- Exercise details -
Type out each record word for word. Pictures stay out.

- Study material -
....................

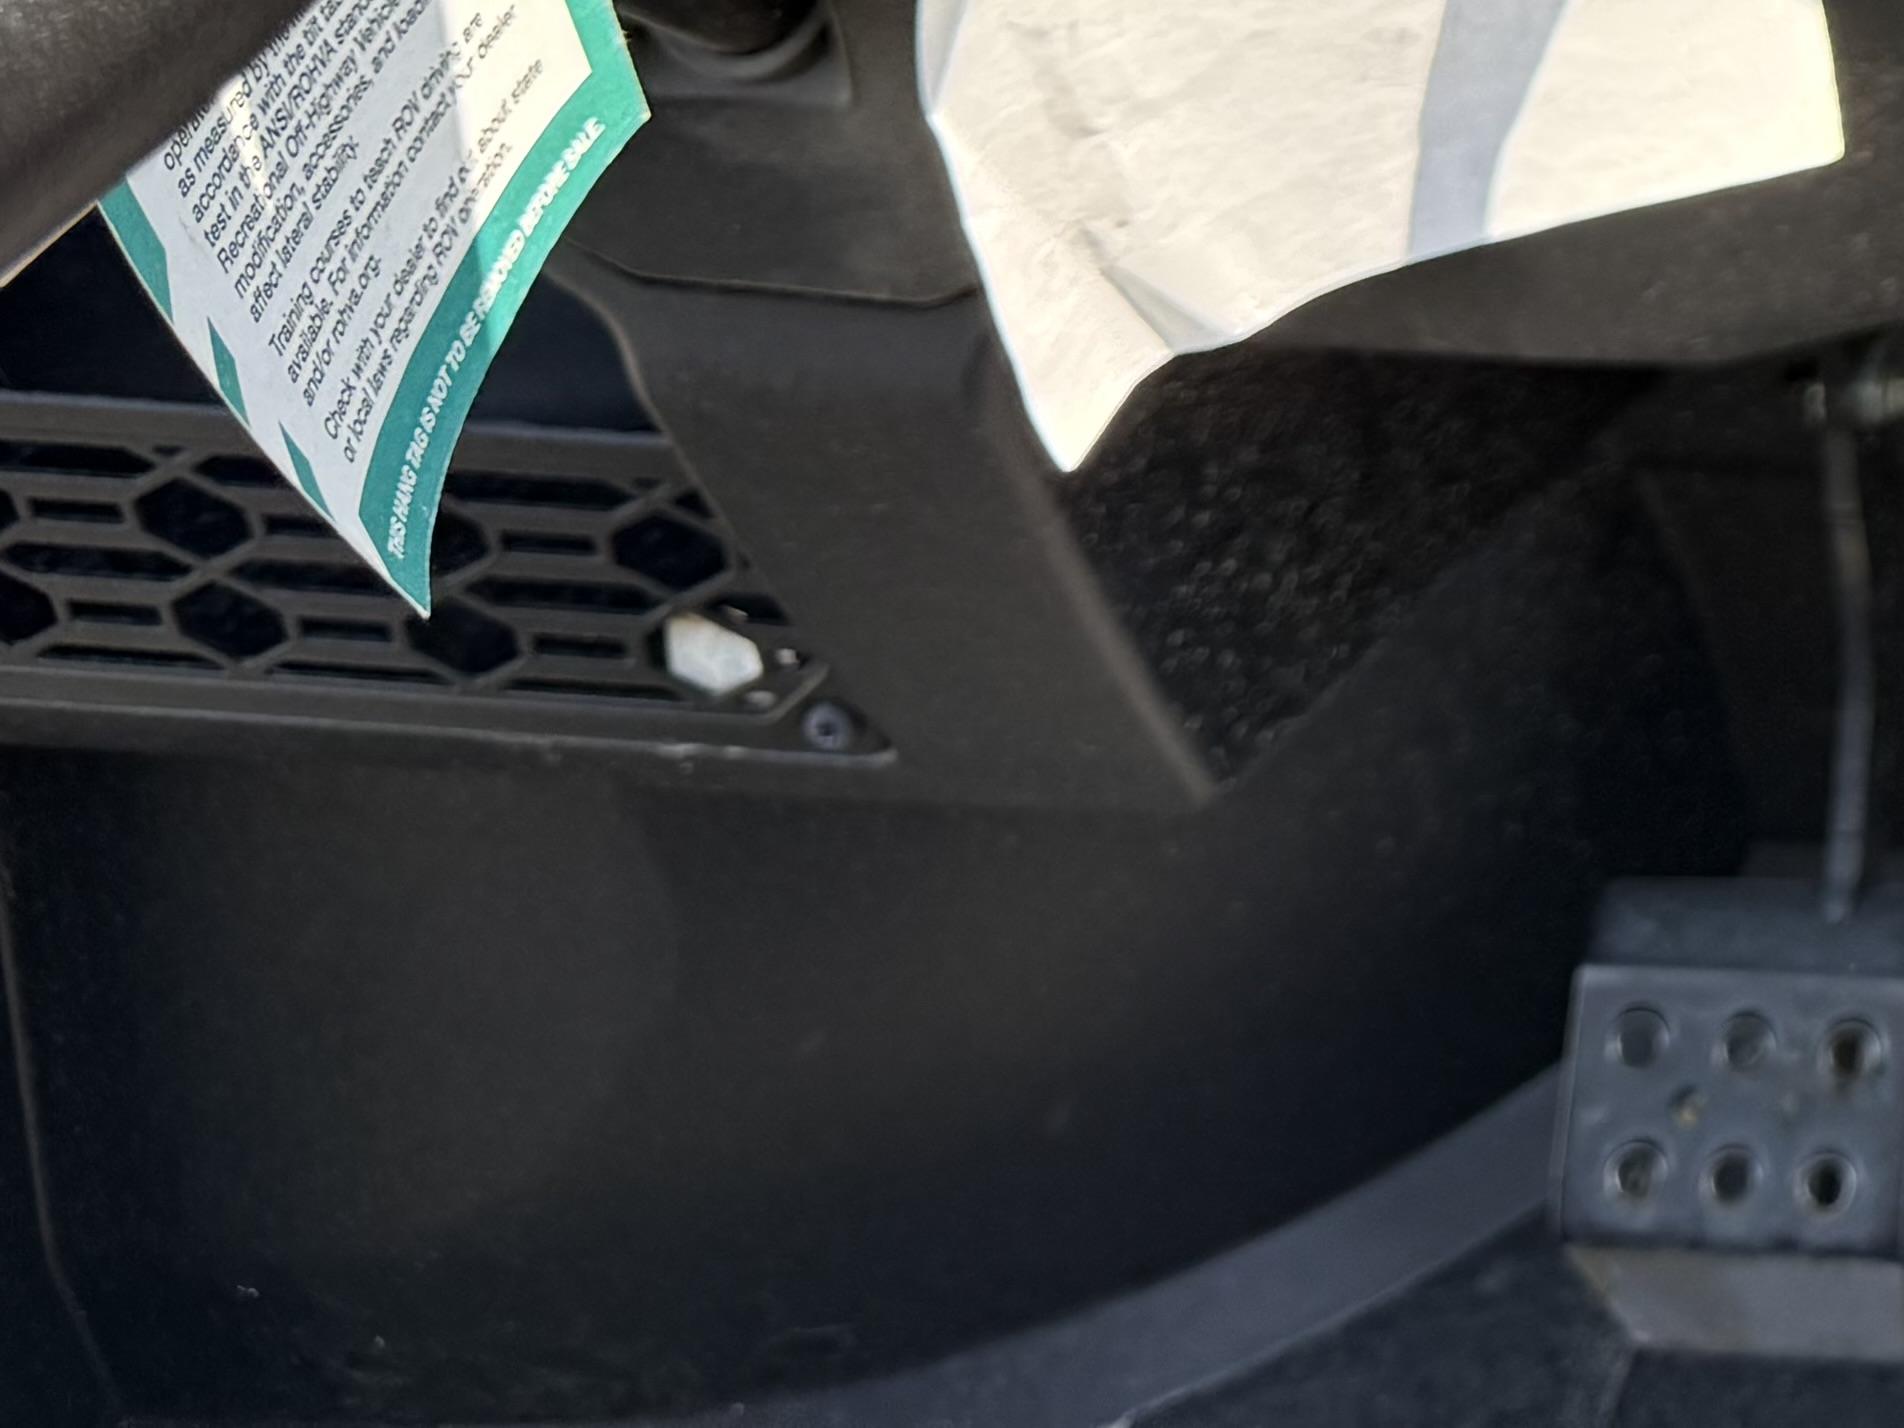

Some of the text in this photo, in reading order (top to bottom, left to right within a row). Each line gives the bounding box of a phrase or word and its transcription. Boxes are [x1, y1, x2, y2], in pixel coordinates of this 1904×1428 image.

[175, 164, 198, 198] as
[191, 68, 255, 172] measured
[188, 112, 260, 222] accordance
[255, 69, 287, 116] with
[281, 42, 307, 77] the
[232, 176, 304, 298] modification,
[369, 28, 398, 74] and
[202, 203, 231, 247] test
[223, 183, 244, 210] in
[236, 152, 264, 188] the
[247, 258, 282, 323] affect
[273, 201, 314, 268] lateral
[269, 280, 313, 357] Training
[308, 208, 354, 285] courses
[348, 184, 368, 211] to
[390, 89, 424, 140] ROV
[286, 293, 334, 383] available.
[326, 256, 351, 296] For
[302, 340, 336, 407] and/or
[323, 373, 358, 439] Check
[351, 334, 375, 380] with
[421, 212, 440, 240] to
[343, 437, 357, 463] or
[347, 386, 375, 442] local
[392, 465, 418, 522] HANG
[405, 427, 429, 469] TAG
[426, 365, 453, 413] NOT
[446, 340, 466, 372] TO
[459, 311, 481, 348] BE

....................

- Task response -
Some of the text in this photo, in reading order (top to bottom, left to right within a row). Each line gives the bounding box of a phrase or word and its transcription. Boxes are [x1, y1, x2, y2], in pixel coordinates of this 1904×1428 image.

[175, 164, 198, 198] as
[191, 68, 255, 172] measured
[188, 112, 260, 222] accordance
[255, 69, 287, 116] with
[281, 42, 307, 77] the
[232, 176, 304, 298] modification,
[369, 28, 398, 74] and
[202, 203, 231, 247] test
[223, 183, 244, 210] in
[236, 152, 264, 188] the
[247, 258, 282, 323] affect
[273, 201, 314, 268] lateral
[269, 280, 313, 357] Training
[308, 208, 354, 285] courses
[348, 184, 368, 211] to
[390, 89, 424, 140] ROV
[286, 293, 334, 383] available.
[326, 256, 351, 296] For
[302, 340, 336, 407] and/or
[323, 373, 358, 439] Check
[351, 334, 375, 380] with
[421, 212, 440, 240] to
[343, 437, 357, 463] or
[347, 386, 375, 442] local
[392, 465, 418, 522] HANG
[405, 427, 429, 469] TAG
[426, 365, 453, 413] NOT
[446, 340, 466, 372] TO
[459, 311, 481, 348] BE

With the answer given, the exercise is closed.